East7 Posted December 30, 2010 Posted December 30, 2010 Couldn't agree more with SilverPlanets: "He needs to confirm your availability" ! Showing up and talking to you is something he has done for himself not to please you Siuys. He needed to fix his addiction-withdrawal and making you to feel sorry for him. Talking about his D without actions towards it, is about giving you hope and validate him. Undoubtedly he is in a state of limbo and has not made any clear decision. That is also a state that makes him weak, insecure and clingy to his wife and you both. He hasn't fixed yet his inner contradictions, that's why he is unable to make a move unless he feels clear in his head. In this case the temptation of being a supportive and understanding lover is huge. But I would suggest you to be more "selfish" as nothing he is doing takes in considerations your best interest. His IC, his e-mails, nothing is to please you or making any progress with you, it is all about him. So focus on yourself rather than letting your feelings overwhelm you and being the supportive heroic lover that will be disappointed one more time. Don't take more risks to heartbreak until he is more confident about what he is doing.

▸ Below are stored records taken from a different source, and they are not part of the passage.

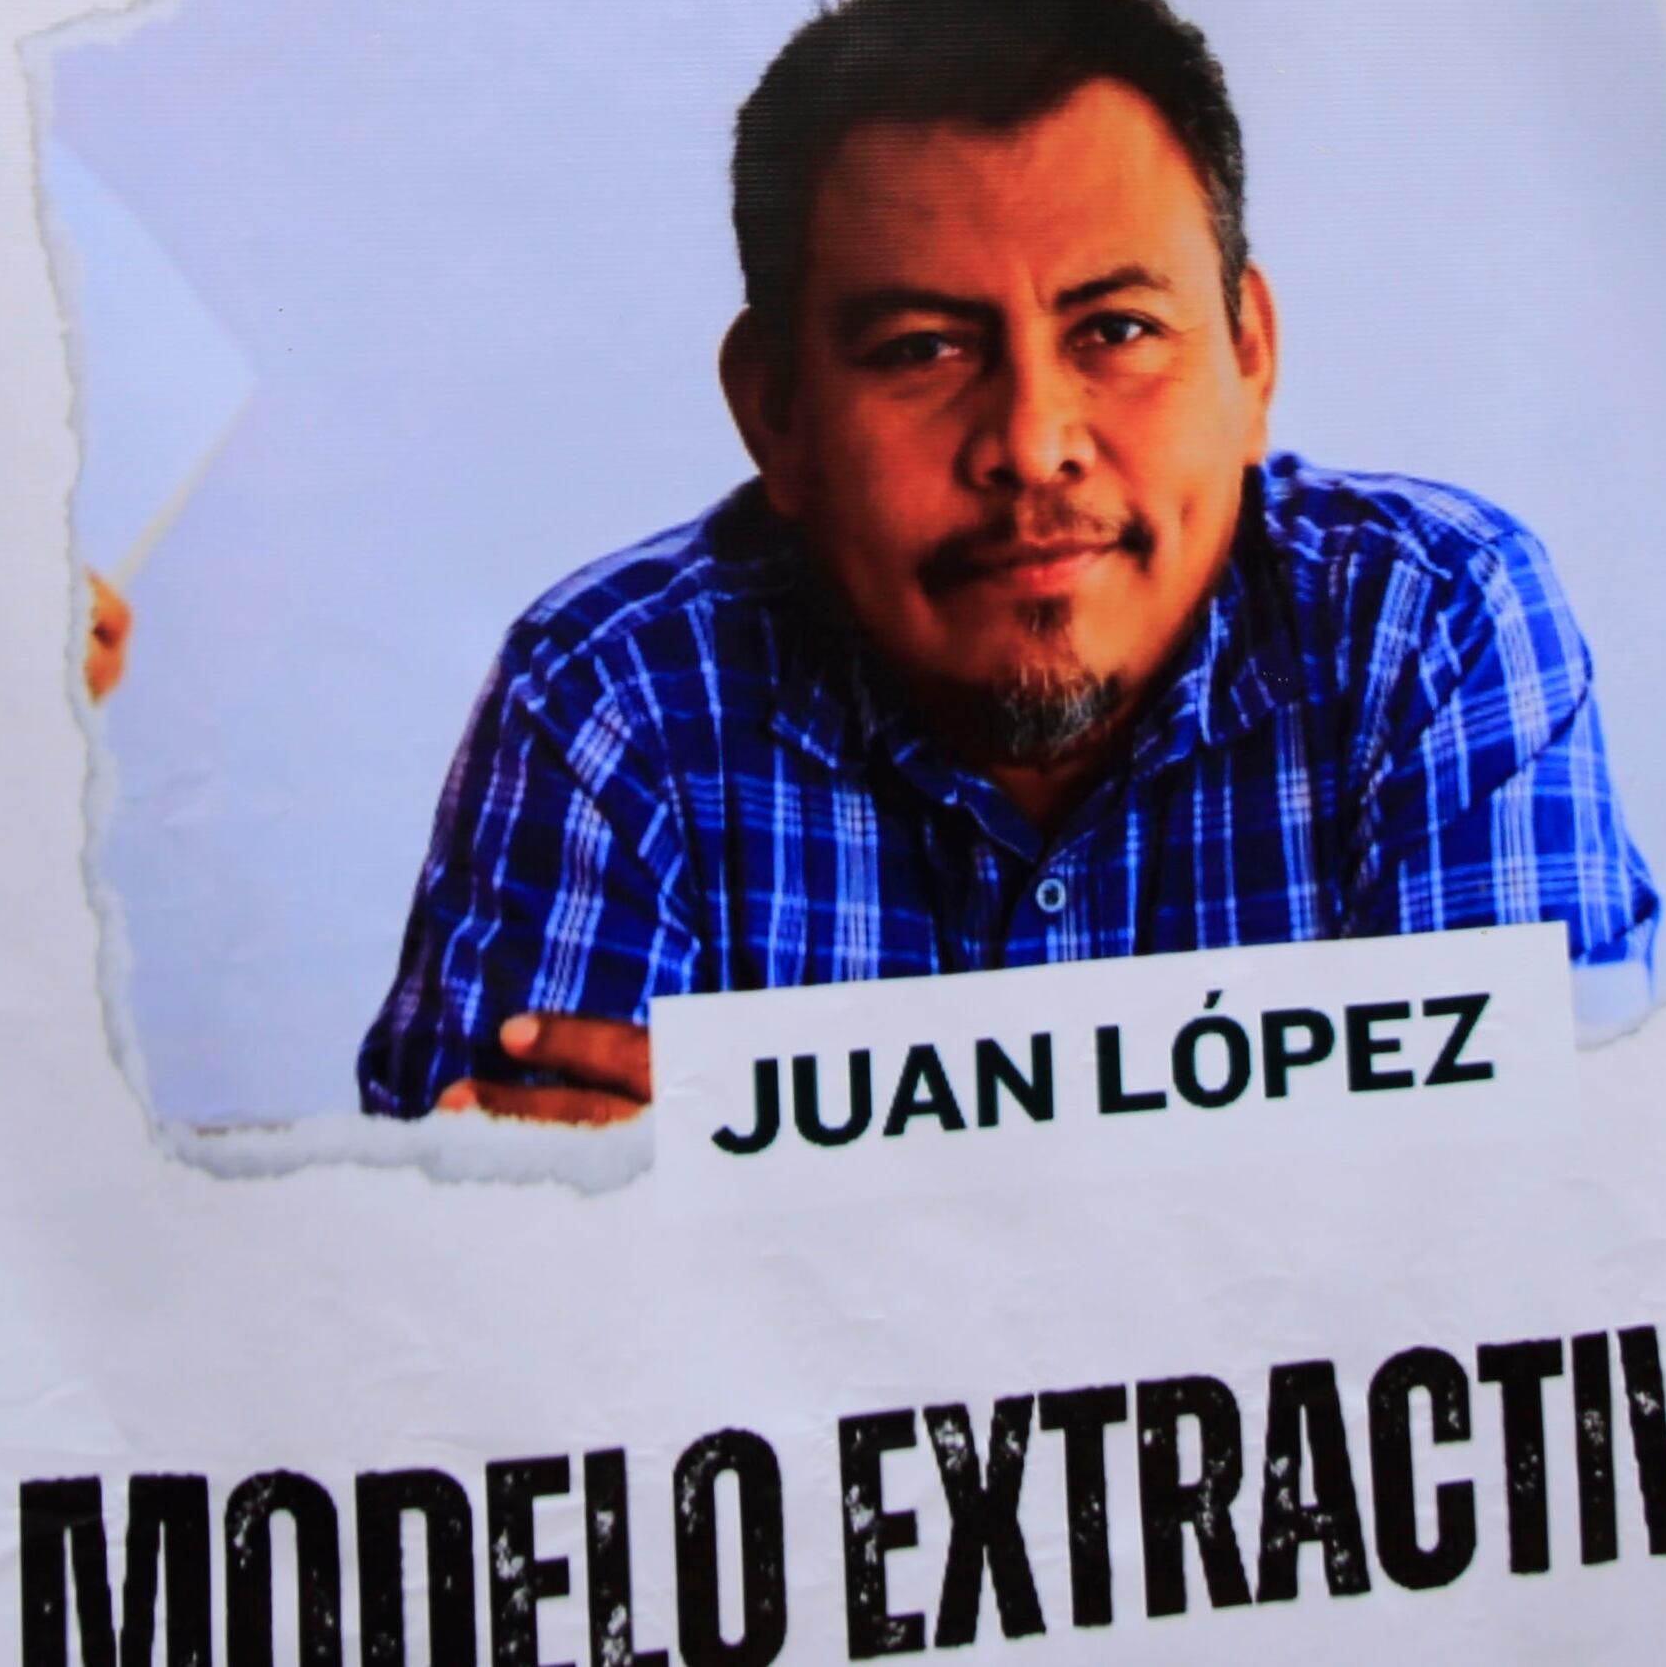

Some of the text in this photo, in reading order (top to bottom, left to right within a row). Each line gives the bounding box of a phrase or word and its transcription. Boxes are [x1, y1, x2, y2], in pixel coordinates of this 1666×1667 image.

[710, 989, 1496, 1156] JUAN LÓPEZ
[19, 1426, 788, 1667] MODELO
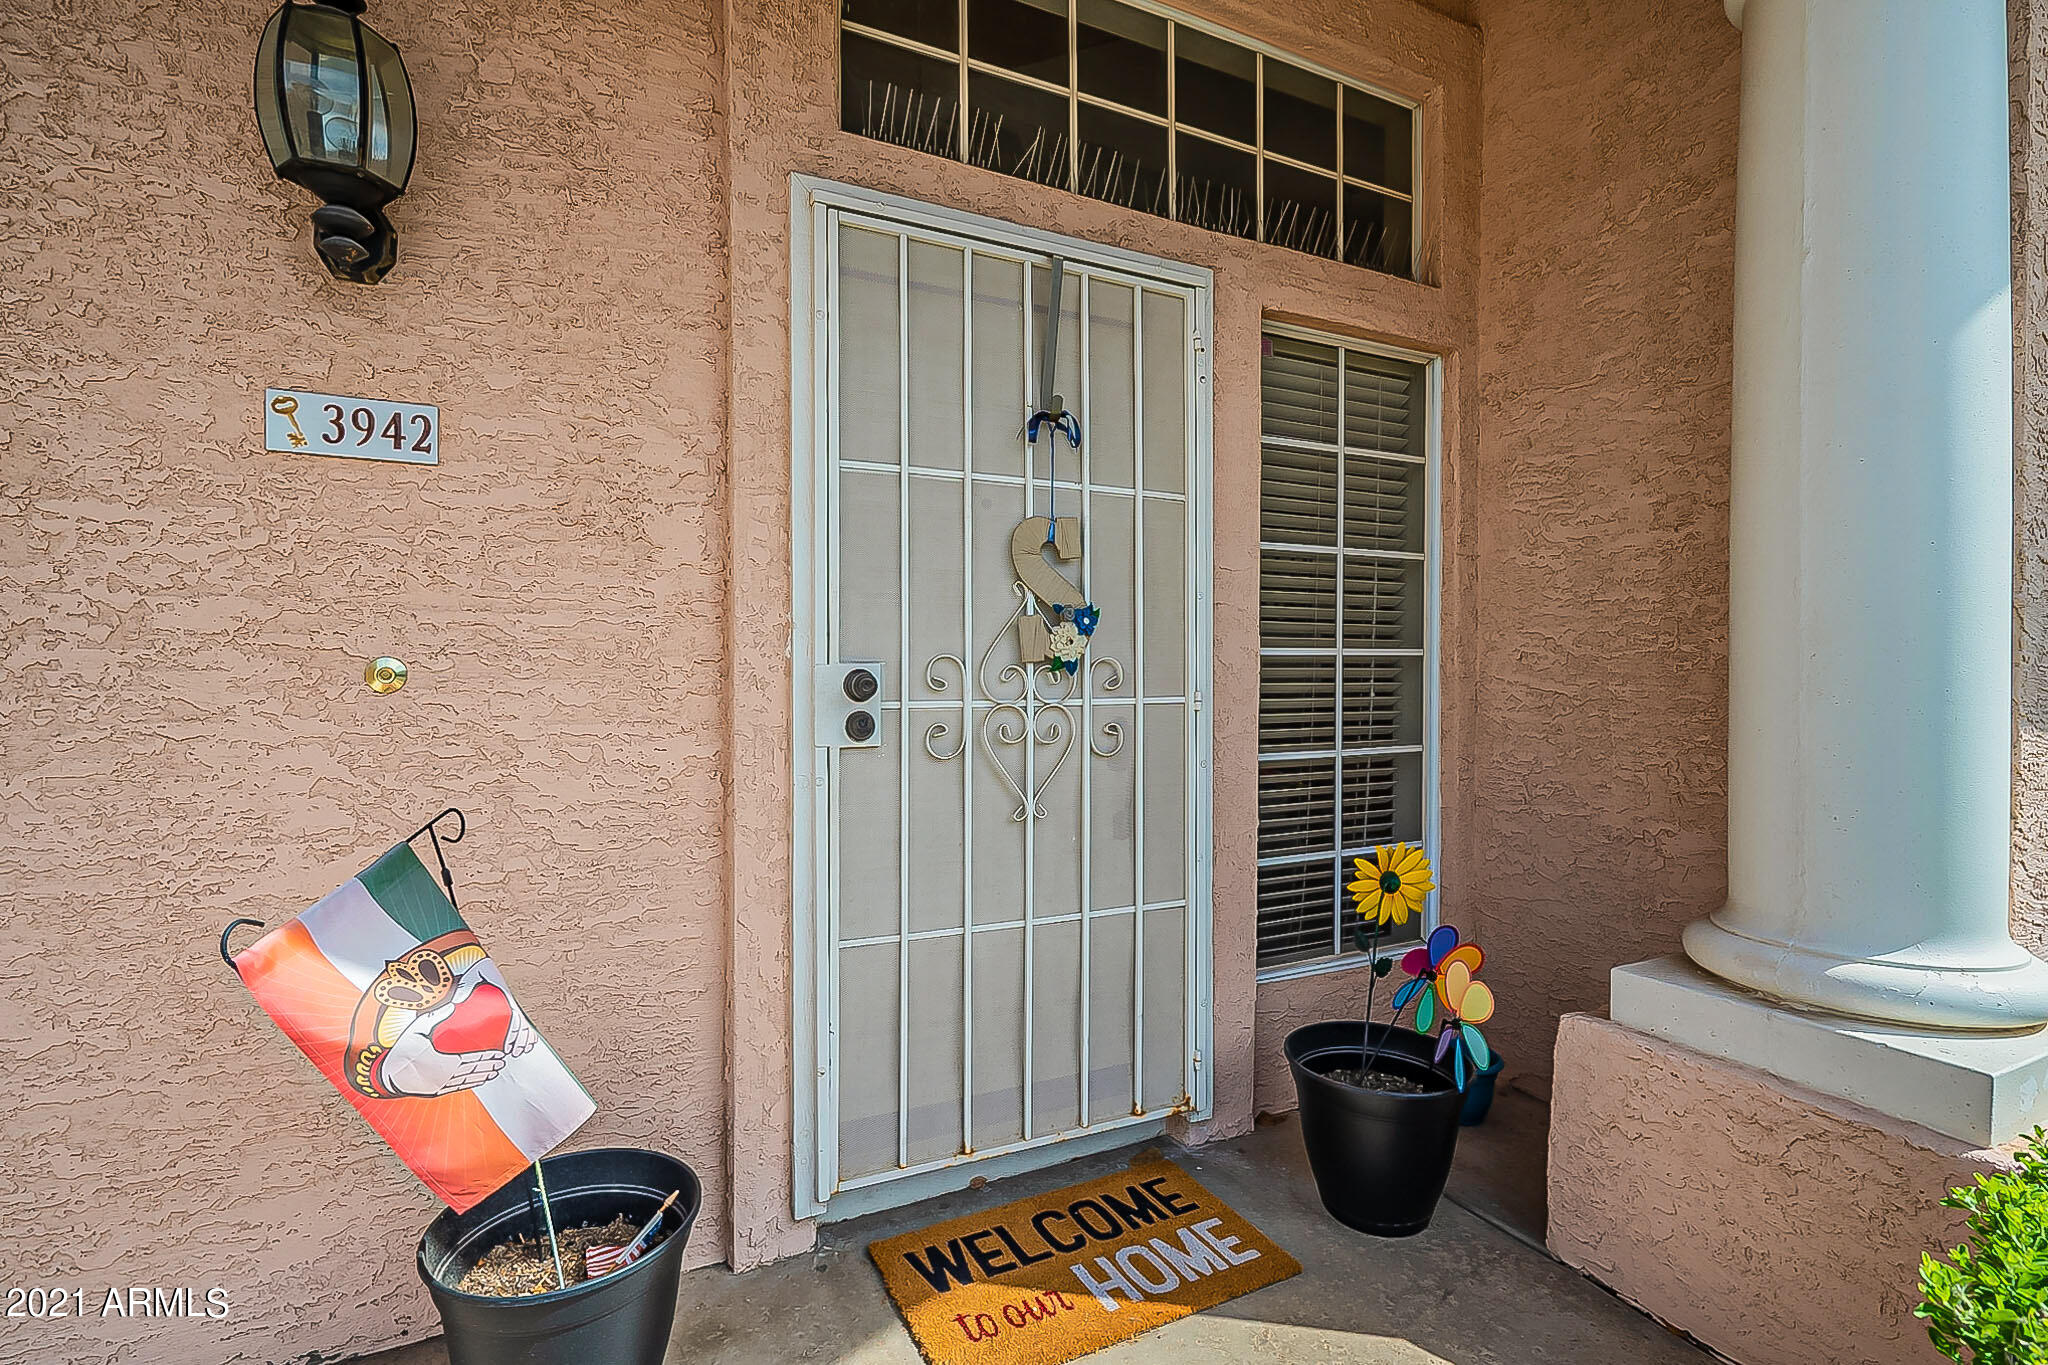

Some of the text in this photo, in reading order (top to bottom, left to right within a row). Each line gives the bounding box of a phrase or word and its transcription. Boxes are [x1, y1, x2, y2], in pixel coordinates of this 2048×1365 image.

[321, 403, 433, 454] 3942
[903, 1177, 1200, 1293] WELCOME
[952, 1217, 1262, 1342] to our HOME
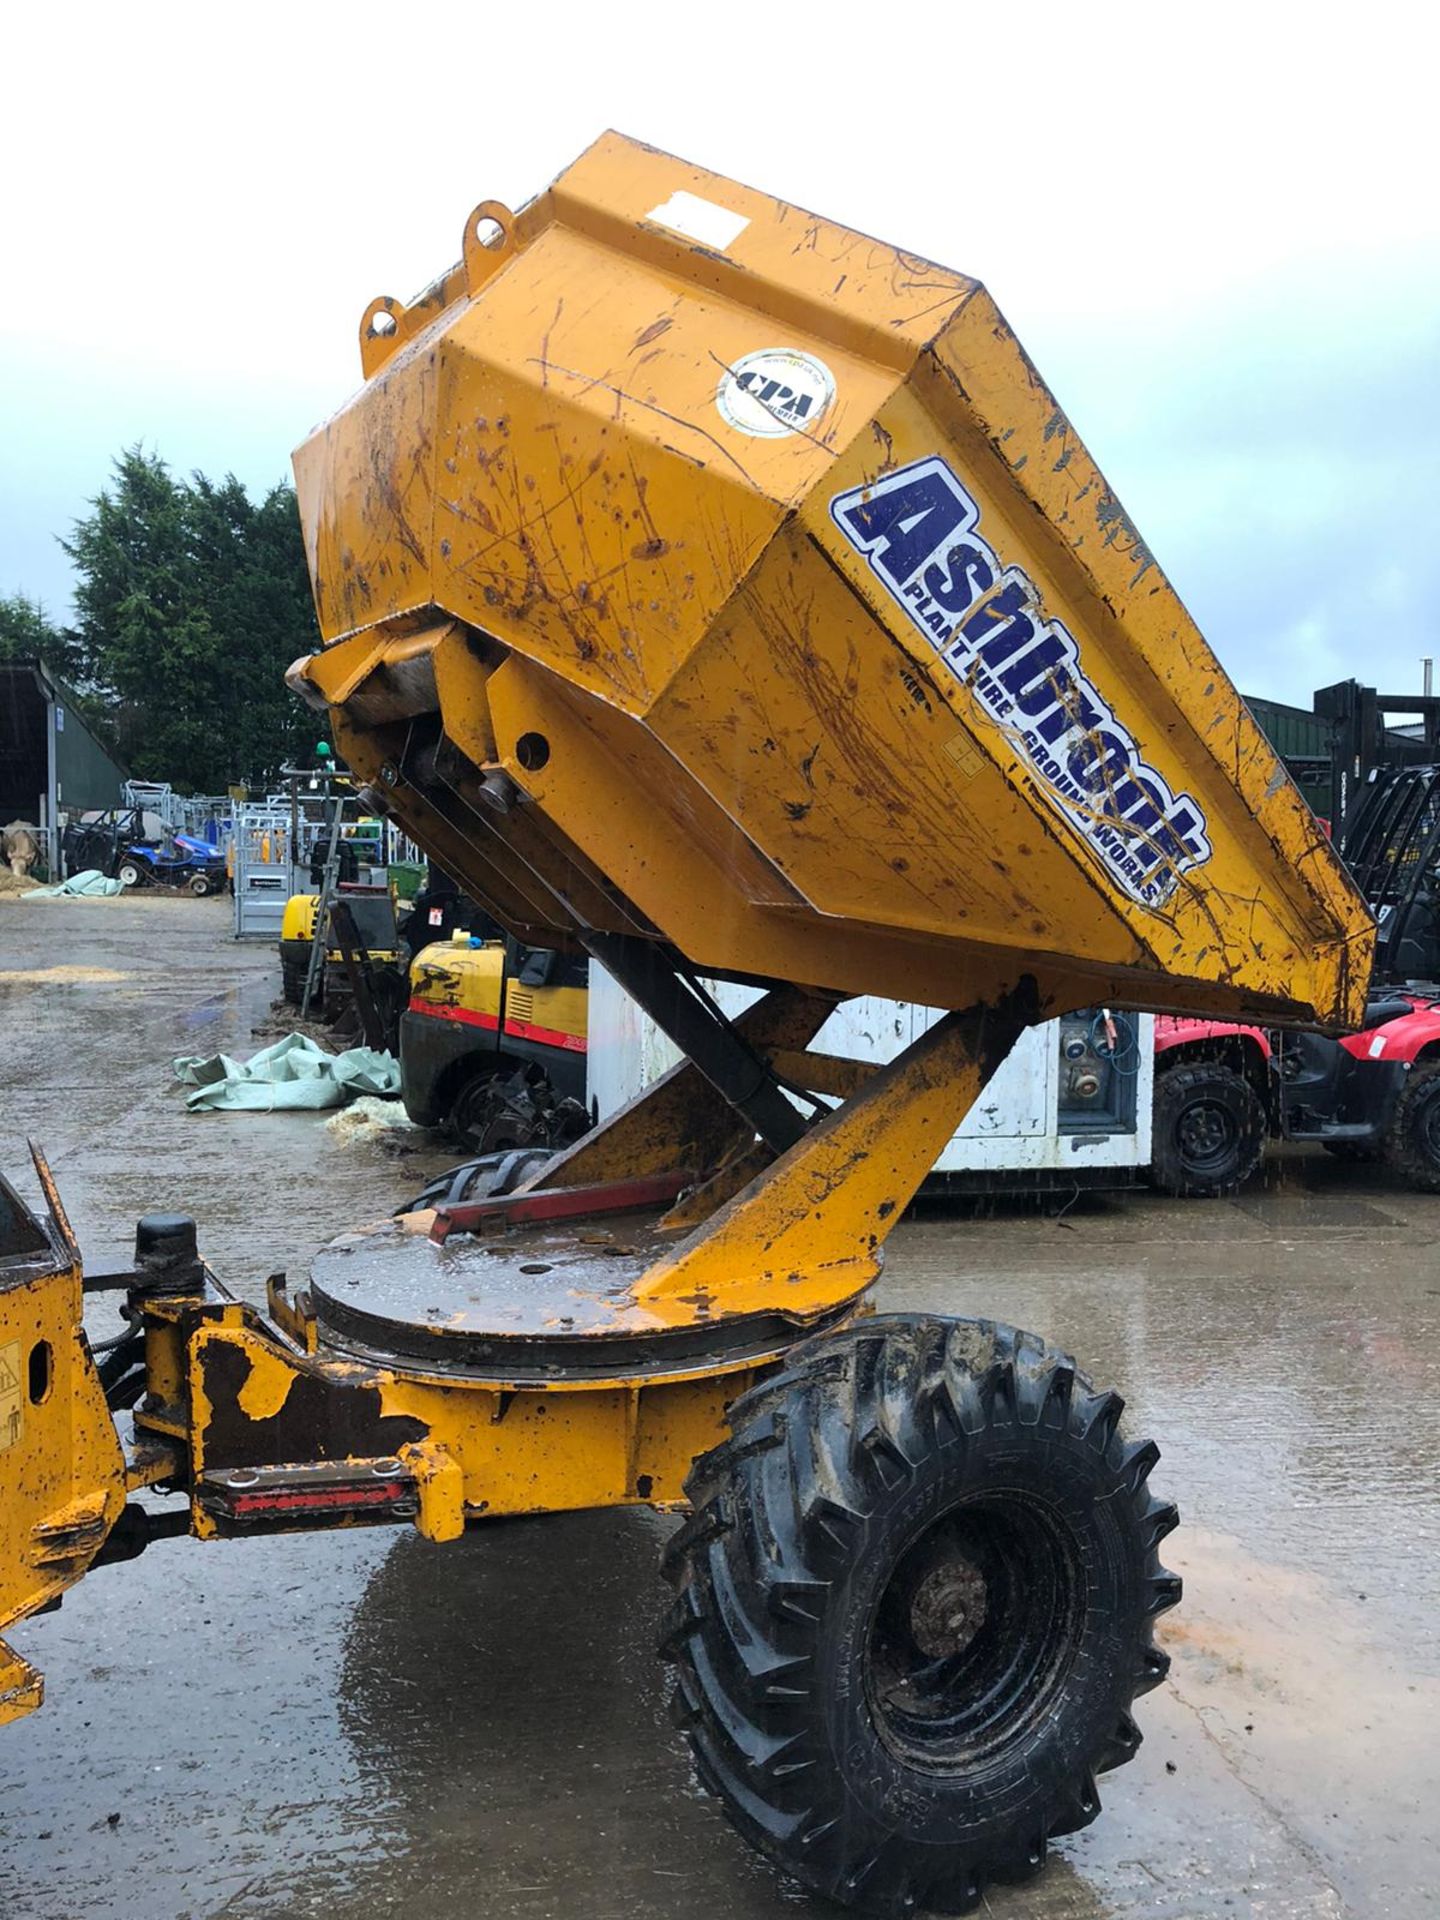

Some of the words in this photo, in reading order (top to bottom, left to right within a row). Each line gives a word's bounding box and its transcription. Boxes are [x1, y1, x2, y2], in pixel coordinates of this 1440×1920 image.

[736, 372, 813, 418] CPA
[767, 403, 800, 422] MEMBER
[902, 581, 971, 659] PLANT
[963, 656, 1014, 719] HIRE
[1021, 730, 1092, 824] GROUND
[1092, 823, 1158, 901] WORKS

FightClub Posted December 30, 2010 Posted December 30, 2010 (edited) Siuys, My experiences with MW were quite different than what you experienced with the xMM but I can say that as the OM who developed deep feelings with the MW, I saw myself seeing lows and highs. The lowest feelings were wondering if this friendship would turn into a meaningful relationship in the future if things progressed and the highest when I was actually with her and in the back of my mind knowing it was wrong but both taking a chance. In the end ( is there every truly an 'end' in one's mind, I wonder ), her leaving and disappearing realizing she needed to work on herself, her M and her life without me as a factor was the best thing possible but I couldn't see that when it was right in front of me until now. If she were to contact me right now, I agree with everyone else that she wouldn't honoring her family, me or herself, she would be just as weak the first time around with me, staying in NC has helped me to continue to move forward despite my feelings for her. In your case, take everything you hear with a bit of caution, there's no doubt he probably does care a great deal about you but if he truly loved you and you truly loved him, it's my personal opinion he'll find you at a better time in his life when he has resolved everything first before bringing more personal/internal issues into the *possible* relationship you may see one day. Reinforce your boundaries. Don't do what I did, don't get caught up in the feelings and lose self respect again, your worth more than that and in time, if it's gonna happen...it'll happen naturally between the two of you, with him free of his vows and you free of hoping. Just...Be, you know what I mean? 'If you ever truly loved someone you'll let them go, we are like flowers and they are like sand...nothing can grow to it's full potential without soil' Take care, -FC Edited December 30, 2010 by FightClub
IzzyB Posted December 30, 2010 Posted December 30, 2010 Siuys, My experiences with MW were quite different than what you experienced with the xMM but I can say that as the OM who developed deep feelings with the MW, I saw myself seeing lows and highs. The lowest feelings were wondering if this friendship would turn into a meaningful relationship in the future if things progressed and the highest when I was actually with her and in the back of my mind knowing it was wrong but both taking a chance. In the end ( is there every truly an 'end' in one's mind, I wonder ), her leaving and disappearing realizing she needed to work on herself, her M and her life without me as a factor was the best thing possible but I couldn't see that when it was right in front of me until now. If she were to contact me right now, I agree with everyone else that she wouldn't honoring her family, me or herself, she would be just as weak the first time around with me, staying in NC has helped me to continue to move forward despite my feelings for her. In your case, take everything you hear with a bit of caution, there's no doubt he probably does care a great deal about you but if he truly loved you and you truly loved him, it's my personal opinion he'll find you at a better time in his life when he has resolved everything first before bringing more personal/internal issues into the *possible* relationship you may see one day. Reinforce your boundaries. Don't do what I did, don't get caught up in the feelings and lose self respect again, your worth more than that and in time, if it's gonna happen...it'll happen naturally between the two of you, with him free of his vows and you free of hoping. Just...Be, you know what I mean? 'If you ever truly loved someone you'll let them go, we are like flowers and they are like sand...nothing can grow to it's full potential without soil' Okay, wow.. this is great input. Needed to read this for me as well, thank you! Plus, i agree with your sig, also spot on.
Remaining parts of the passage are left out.